*Saved entries*
───
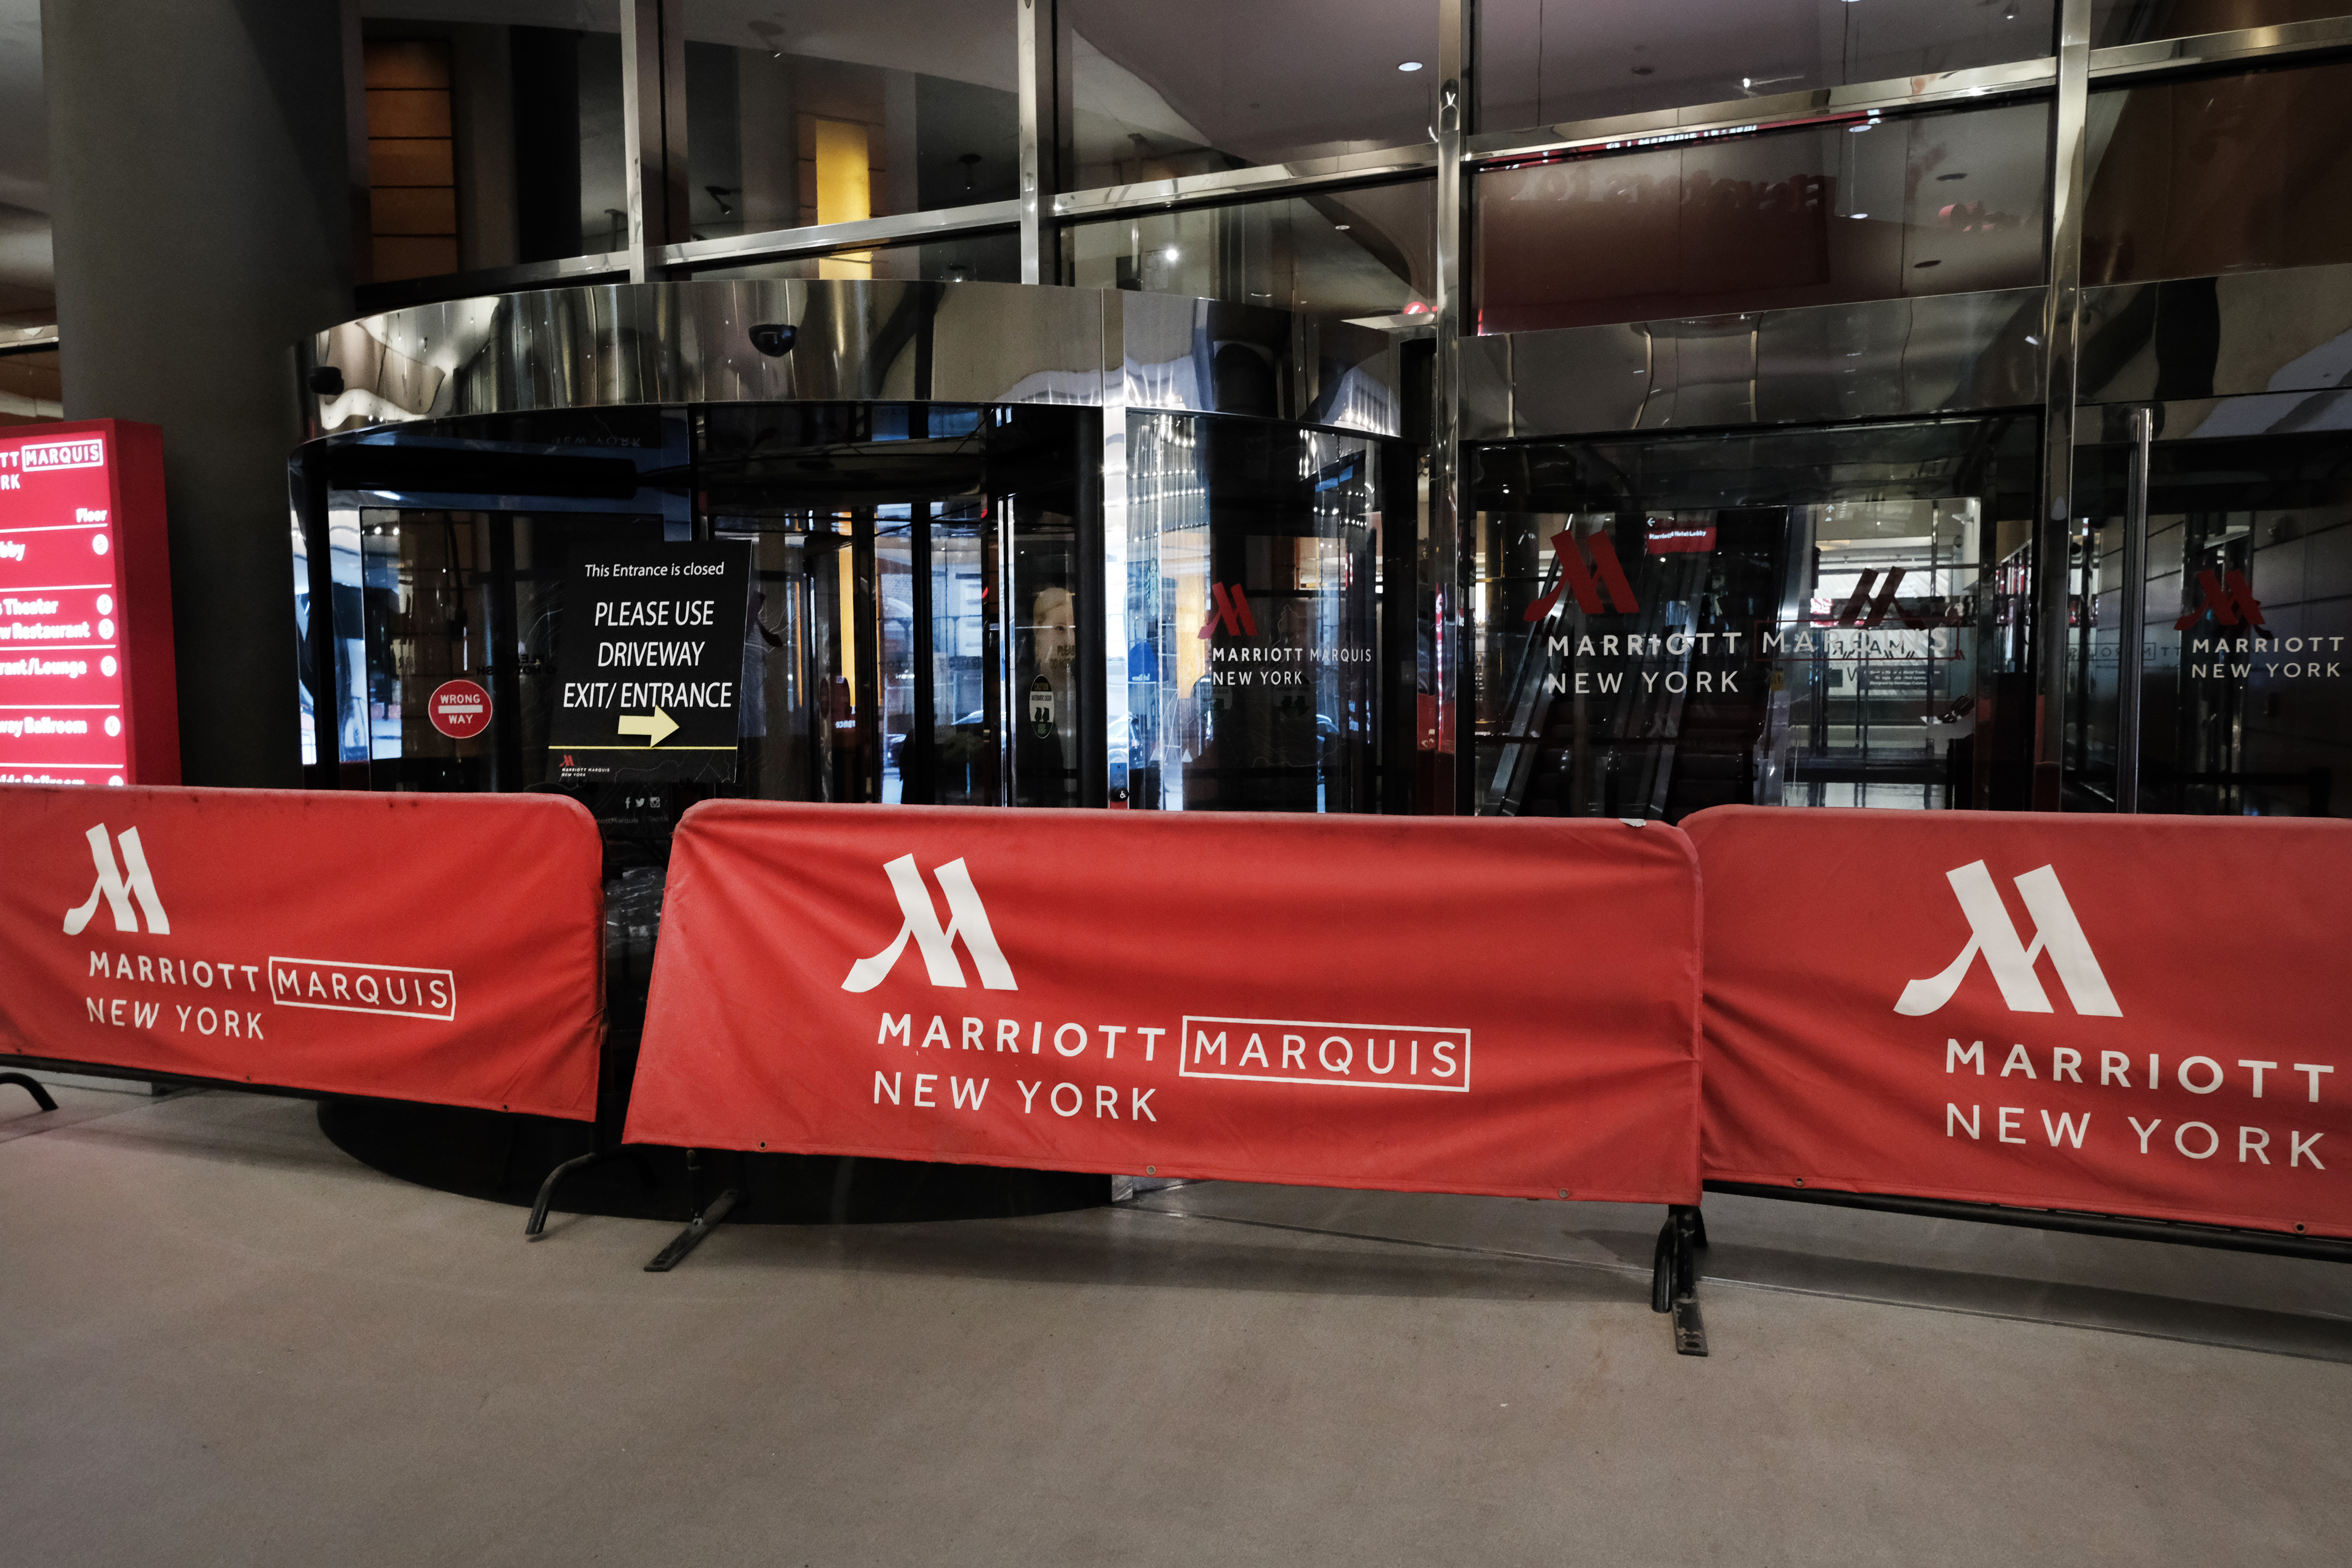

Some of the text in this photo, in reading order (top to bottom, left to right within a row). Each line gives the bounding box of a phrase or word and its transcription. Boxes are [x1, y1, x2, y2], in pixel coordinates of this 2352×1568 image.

[25, 445, 99, 466] MARQUIS
[76, 507, 108, 523] Floor
[585, 561, 725, 577] This Entrance is closed
[5, 598, 59, 616] Theater
[595, 600, 714, 626] PLEASE USE
[12, 621, 91, 640] Restaurant
[1548, 631, 1743, 658] MARRIOTT
[1762, 626, 1948, 655] MARQUIS
[2192, 636, 2345, 654] MARRIOTT
[597, 641, 706, 667] DRIVEWAY
[1213, 647, 1373, 664] MARRIOTT MARQUIS
[1213, 670, 1303, 686] NEW YORK
[2191, 662, 2341, 679] NEW YORK
[1548, 670, 1740, 695] NEW YORK
[440, 694, 480, 705] WRONG
[621, 681, 733, 709] ENTRANCE
[24, 717, 88, 734] Ballroom
[448, 714, 474, 725] WAY
[89, 951, 448, 1009] MARRIOTT MARQUIS
[85, 997, 264, 1041] NEW YORK
[877, 1012, 1457, 1078] MARRIOTT MARQUIS
[1945, 1038, 2335, 1104] MARRIOTT
[873, 1070, 1157, 1122] NEW YORK
[1946, 1102, 2326, 1170] NEW YORK
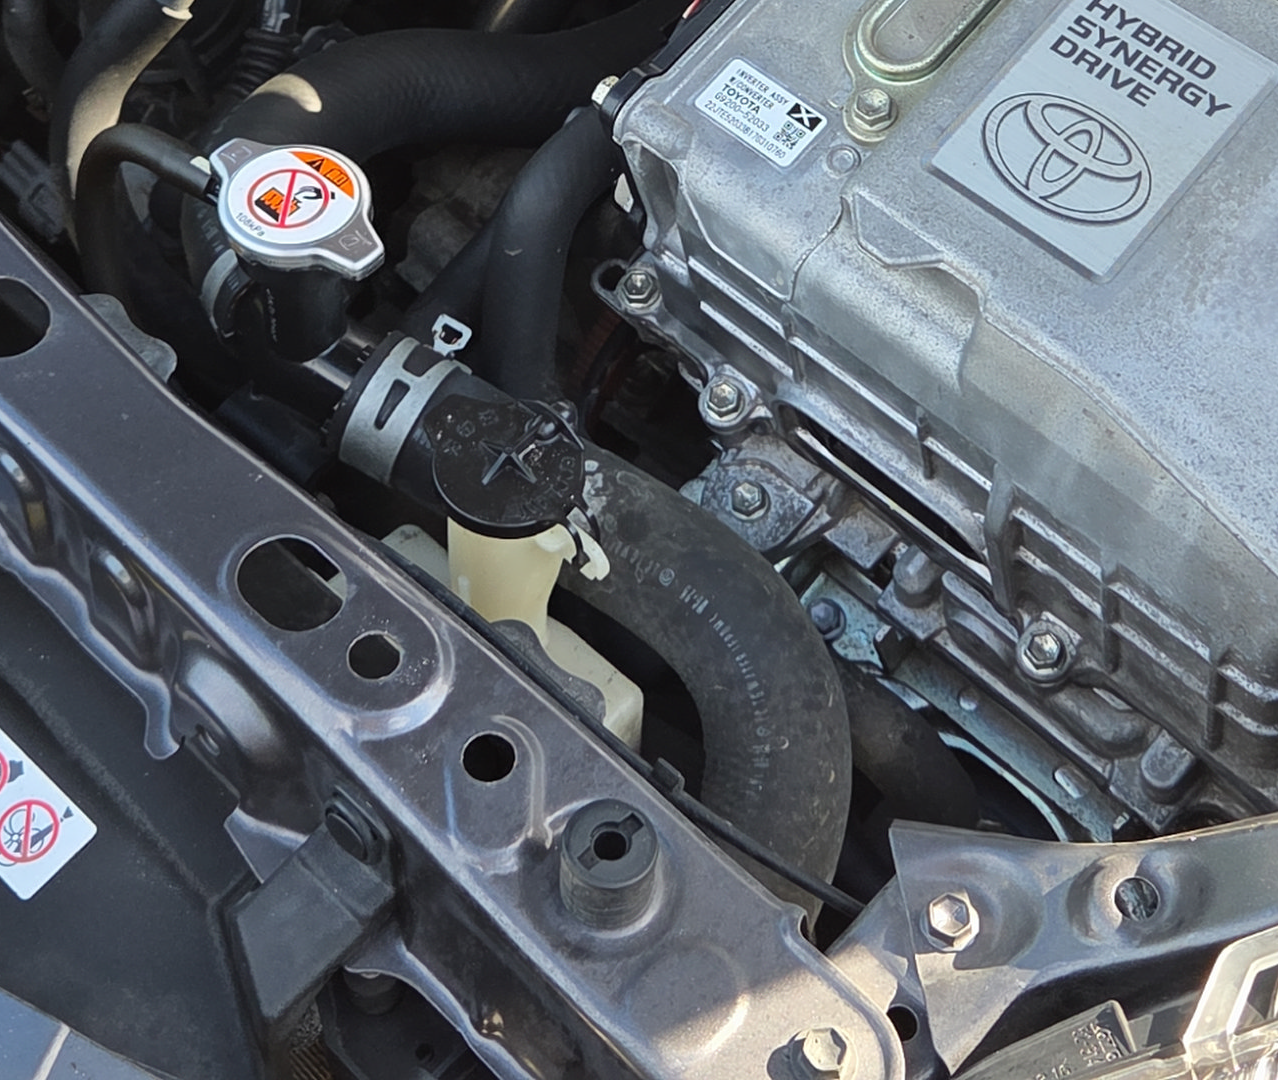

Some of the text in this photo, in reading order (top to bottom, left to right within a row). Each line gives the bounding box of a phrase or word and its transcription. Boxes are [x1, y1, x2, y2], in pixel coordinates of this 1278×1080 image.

[734, 67, 790, 107] INVERTER ASSY
[1048, 32, 1157, 109] DRIVE
[1066, 11, 1232, 124] SYNERGY
[712, 89, 771, 133] G9200-52033
[718, 82, 763, 115] TOYOTA
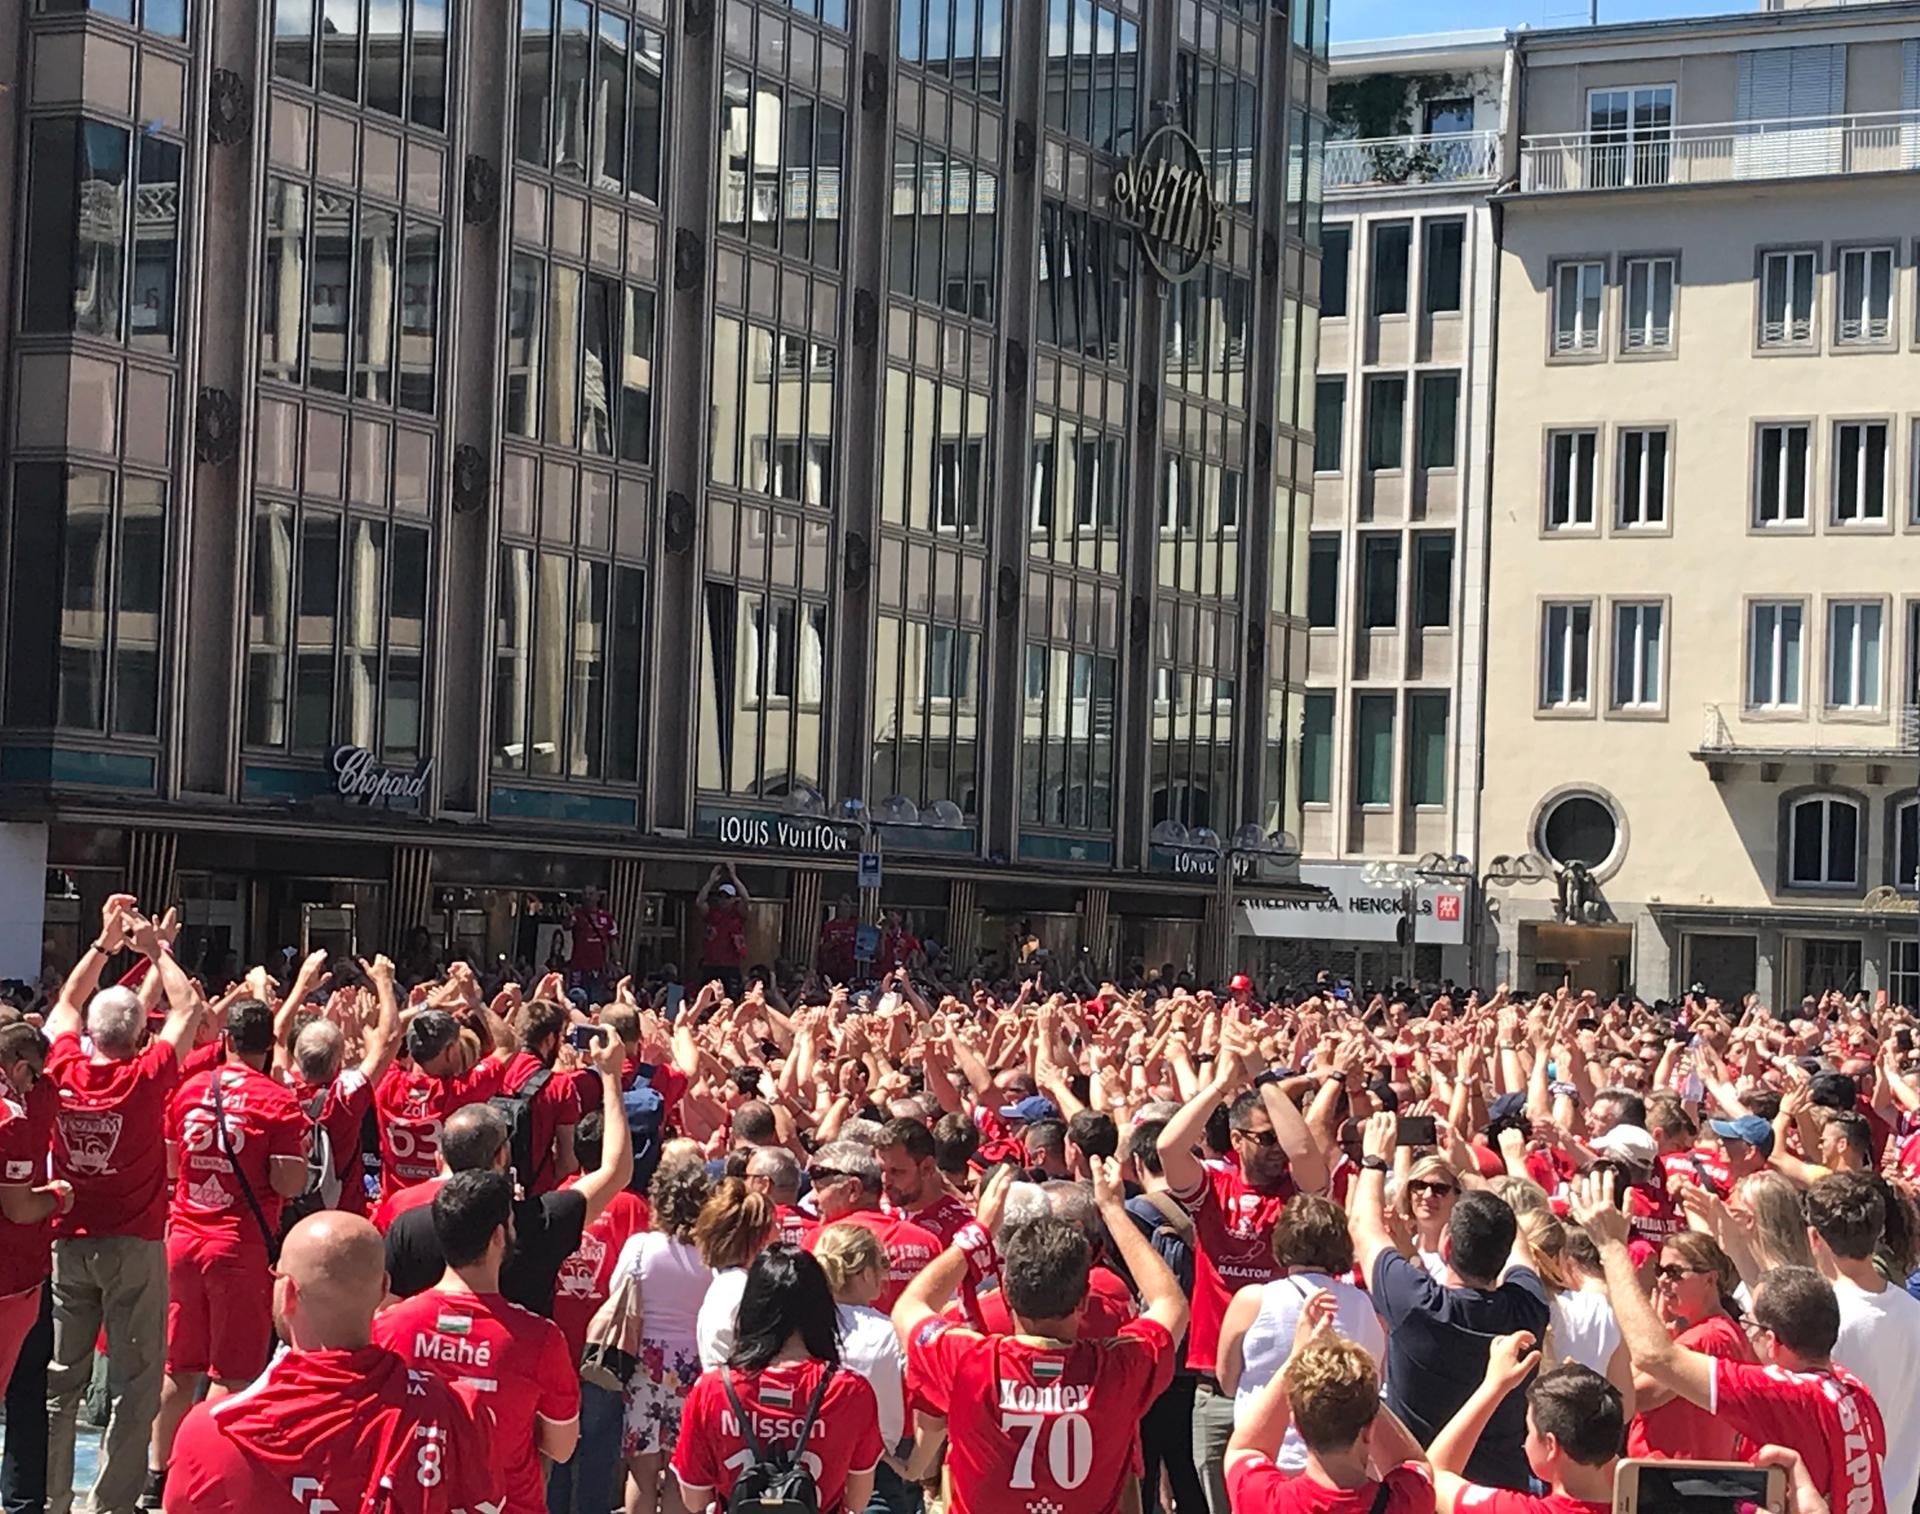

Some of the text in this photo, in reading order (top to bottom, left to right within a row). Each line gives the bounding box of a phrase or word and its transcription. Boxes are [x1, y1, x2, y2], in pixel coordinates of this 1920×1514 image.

[1149, 158, 1203, 250] 4711
[333, 745, 434, 806] Chopard
[720, 815, 769, 846] LOUIS
[1348, 897, 1433, 915] HENCKS
[1218, 1265, 1272, 1278] BALATON
[414, 1333, 491, 1367] Mahé
[999, 1379, 1094, 1413] Konter
[721, 1409, 826, 1439] Nlsson
[1001, 1412, 1093, 1490] 70
───
From the first line to the last, copy the records exactly and skip the pictures.

*Output*
Some of the text in this photo, in reading order (top to bottom, left to right within a row). Each line gives the bounding box of a phrase or word and its transcription. Boxes are [x1, y1, x2, y2], in pixel coordinates of this 2352×1568 image.

[25, 445, 99, 466] MARQUIS
[76, 507, 108, 523] Floor
[585, 561, 725, 577] This Entrance is closed
[5, 598, 59, 616] Theater
[595, 600, 714, 626] PLEASE USE
[12, 621, 91, 640] Restaurant
[1548, 631, 1743, 658] MARRIOTT
[1762, 626, 1948, 655] MARQUIS
[2192, 636, 2345, 654] MARRIOTT
[597, 641, 706, 667] DRIVEWAY
[1213, 647, 1373, 664] MARRIOTT MARQUIS
[1213, 670, 1303, 686] NEW YORK
[2191, 662, 2341, 679] NEW YORK
[1548, 670, 1740, 695] NEW YORK
[440, 694, 480, 705] WRONG
[621, 681, 733, 709] ENTRANCE
[24, 717, 88, 734] Ballroom
[448, 714, 474, 725] WAY
[89, 951, 448, 1009] MARRIOTT MARQUIS
[85, 997, 264, 1041] NEW YORK
[877, 1012, 1457, 1078] MARRIOTT MARQUIS
[1945, 1038, 2335, 1104] MARRIOTT
[873, 1070, 1157, 1122] NEW YORK
[1946, 1102, 2326, 1170] NEW YORK

Some of the text in this photo, in reading order (top to bottom, left to right within a row). Each line gives the bounding box of a phrase or word and its transcription. Boxes are [x1, y1, x2, y2], in pixel coordinates of this 1278×1080 image.

[734, 67, 790, 107] INVERTER ASSY
[1048, 32, 1157, 109] DRIVE
[1066, 11, 1232, 124] SYNERGY
[712, 89, 771, 133] G9200-52033
[718, 82, 763, 115] TOYOTA

Some of the text in this photo, in reading order (top to bottom, left to right within a row). Each line gives the bounding box of a phrase or word and its transcription. Boxes are [x1, y1, x2, y2], in pixel coordinates of this 1920×1514 image.

[1149, 158, 1203, 250] 4711
[333, 745, 434, 806] Chopard
[720, 815, 769, 846] LOUIS
[1348, 897, 1433, 915] HENCKS
[1218, 1265, 1272, 1278] BALATON
[414, 1333, 491, 1367] Mahé
[999, 1379, 1094, 1413] Konter
[721, 1409, 826, 1439] Nlsson
[1001, 1412, 1093, 1490] 70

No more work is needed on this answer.